The advance towards the use of synthetic control arms in clinical trials requires more systematic techniques to accurately find patients that best match the synthetic control group. AI can be used to identify patients inhospital imaging repositories that have similar imaging protocols (by automatically generating a similarity score based on DICOM file metadata) to the ones required in the treatment arm of the study. Moreover, the AI-based harmonization solution can be integrated to deal with the large variabilities seen across the images coming from different imaging centers with a wide variation in acquisition parameters.
The use of self-supervised learning, as a paradigm shift in AI where models learn without ground truth, is a perfect fit for this problem because a model can be generated by learning the different patterns between the image acquisition parameters (metadata) and the resulting image quality (pixel data).
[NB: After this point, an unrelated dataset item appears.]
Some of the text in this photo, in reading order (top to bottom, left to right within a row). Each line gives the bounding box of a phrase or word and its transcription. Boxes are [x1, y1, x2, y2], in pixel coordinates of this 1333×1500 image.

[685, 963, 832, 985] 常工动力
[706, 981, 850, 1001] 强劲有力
Therefore, the chance to generate scanner-invariant representations of imaging data (MR, CT, PET/CT) for extraction of harmonized features and parameters as best ground-truth outputs from the synthetic control group, without loss or alteration of relevant image information, will enable causal inference from real-world data despite the inherent levels of uncertainty.
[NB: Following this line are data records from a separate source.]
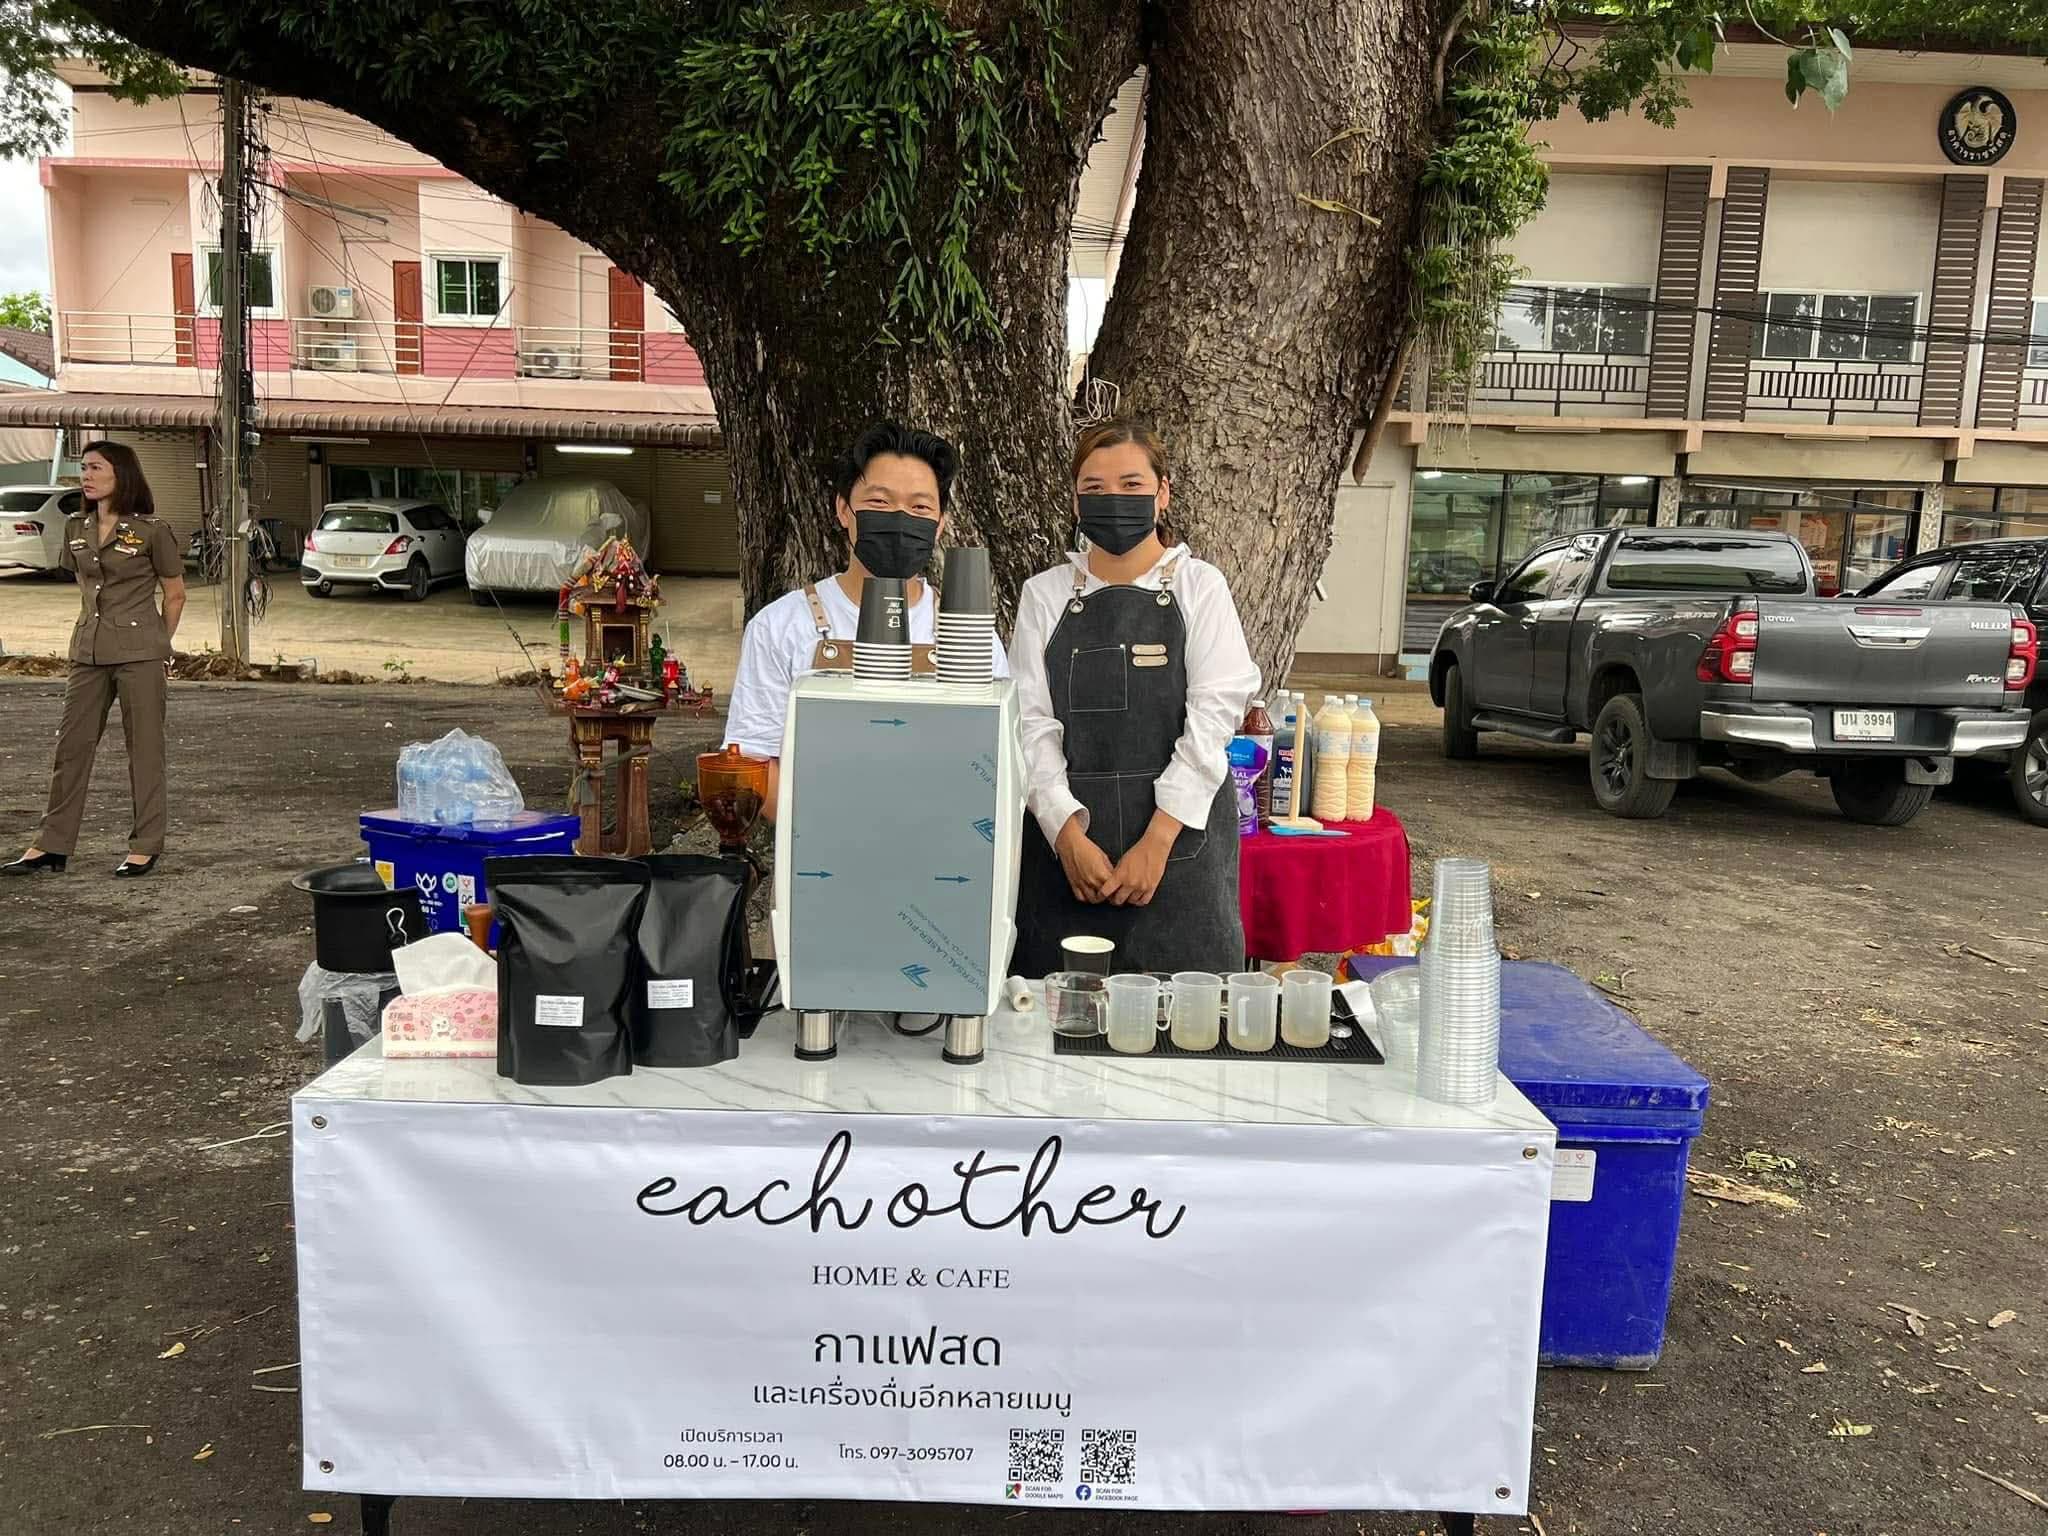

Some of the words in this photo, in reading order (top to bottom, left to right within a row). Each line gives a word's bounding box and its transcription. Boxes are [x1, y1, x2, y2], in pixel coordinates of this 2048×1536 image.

[1970, 621, 2008, 630] HILUX
[1863, 713, 1892, 727] 3994
[636, 1130, 873, 1233] each
[886, 1135, 1187, 1239] other
[811, 1265, 898, 1287] HOME
[906, 1266, 928, 1287] &
[936, 1267, 1011, 1289] CAFE
[814, 1325, 1002, 1366] กาแฟสด
[753, 1375, 1072, 1418] และเครื่องดื่มอีกหลายเมนู
[680, 1427, 783, 1444] เปิดบริการเวลา
[663, 1453, 709, 1468] 08.00
[713, 1455, 727, 1469] น.
[744, 1454, 781, 1469] 17.00
[785, 1456, 799, 1470] น.
[839, 1442, 866, 1460] โทร.
[870, 1446, 975, 1462] 097-3095707
Furthermore, imaging biomarkers and radiomics features extraction will allow the quantification of properties related to angiogenesis, cell density, tumor heterogeneity, aggressiveness, etc. Quantifying these indicators traditionally requires manual delineations of anatomy or lesions, but AI and convolutional neural networks (CNN) automate these analysis pipelines. The quantitative features obtained can be viewed as a virtual tissue profiling technology for matching the external control group not only at a general level but for searching similar tissue signatures.
Conclusion
Each study using synthetic control groups will have its own unique challenges and constraints with regards to the generalizability of results, interpretation, and associated statistical methodology. Utilizing expertise from specialists in data and imaging fields from project onset can help to improve the validity and reproducibility of this emerging methodology. The inclusion of hybrid control groups mixing synthetic and traditional control groups offers an effective, economical, and patient-friendly option for clinical trials.
References
- Anderson M, Naci H, Morrison D, Osipenko L, Mossialos E. A review of NICE appraisals of pharmaceuticals 2000–2016 found variation in establishing comparative clinical effectiveness. J Clin Epidemiol. 2018;105:50–59.
- Banerjee, R, Shonali M, Kelkar AH, Goodman A, Prasad V, and Mohyuddin GR. Synthetic control arms in studies of multiple myeloma and diffuse large B-cell lymphoma. Br J Haematol. 2022;196 (5): 1274–1277.
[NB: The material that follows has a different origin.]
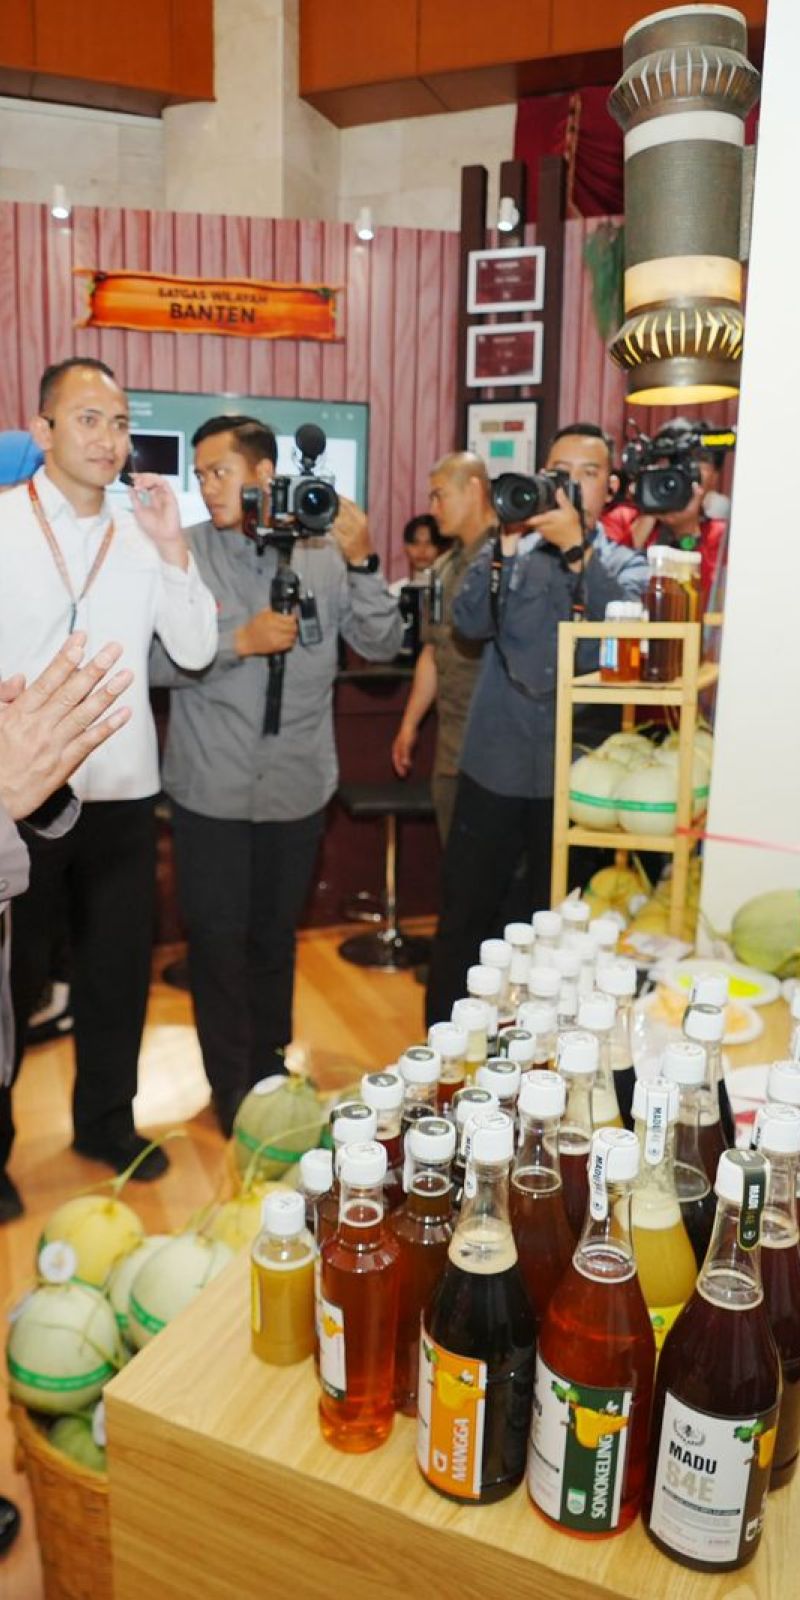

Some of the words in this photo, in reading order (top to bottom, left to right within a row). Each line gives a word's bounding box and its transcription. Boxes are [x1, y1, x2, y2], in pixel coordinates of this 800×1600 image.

- Gökbuget N, Dombret H, Bonifacio M, Reichle A, Graux C, et al. Blinatumomab for minimal residual disease in adults with B-cell precursor acute lymphoblastic leukemia. Blood. 2018 Apr 5;131(14):1522-1531.
- Groth SW. Honorarium or coercion: use of incentives for participants in clinical research. J N Y State Nurses Assoc. 2010;41(1):11.
- Guyatt GH, Oxman AD, Kunz R, Vist GE, Falck-Ytter Y, Schunemann HJ. What is “quality of evidence” and why is it important to clinicians? BMJ (Clinical research ed). 2008;336(7651):995-998.
- Thorlund K, Dron L, Park JJH, Mills EJ. Synthetic and external controls in clinical trials – A primer for researchers. Clin Epidemiol. 2020; 12:457–467.